[Stored data entries]
=== Begin Enclosure ===
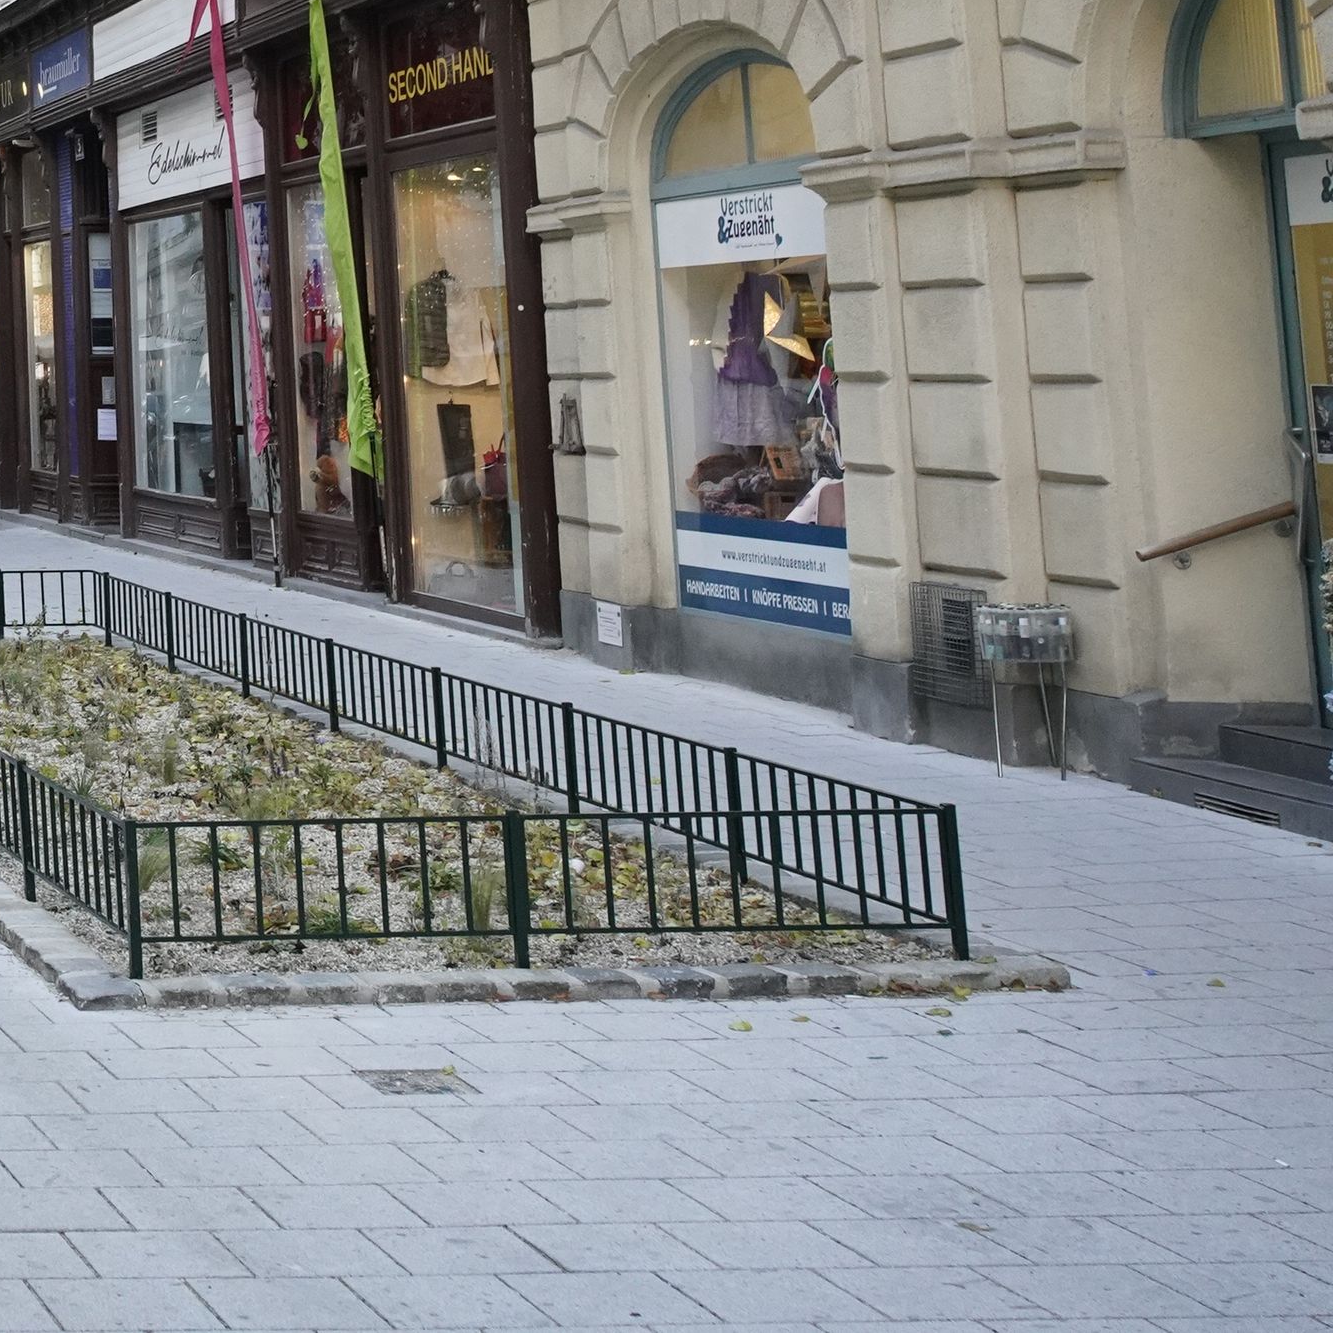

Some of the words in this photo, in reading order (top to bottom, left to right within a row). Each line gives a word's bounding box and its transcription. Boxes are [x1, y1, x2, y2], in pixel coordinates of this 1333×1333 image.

[39, 47, 81, 87] braumüller
[388, 57, 448, 104] SECOND
[147, 125, 225, 185] Edelschimmel
[720, 191, 773, 217] Verstrickt
[686, 578, 740, 601] HANDARBEITEN
[752, 587, 782, 609] KNÖPFE
[782, 595, 819, 614] PRESSEN
[832, 602, 851, 619] BER
=== End Enclosure ===
__TRY IT__.
Set down the entries above again exactly, minus any image.

__TASK RESULT__.
Some of the words in this photo, in reading order (top to bottom, left to right within a row). Each line gives a word's bounding box and its transcription. Boxes are [x1, y1, x2, y2], in pixel coordinates of this 1333×1333 image.

[39, 47, 81, 87] braumüller
[388, 57, 448, 104] SECOND
[147, 125, 225, 185] Edelschimmel
[720, 191, 773, 217] Verstrickt
[686, 578, 740, 601] HANDARBEITEN
[752, 587, 782, 609] KNÖPFE
[782, 595, 819, 614] PRESSEN
[832, 602, 851, 619] BER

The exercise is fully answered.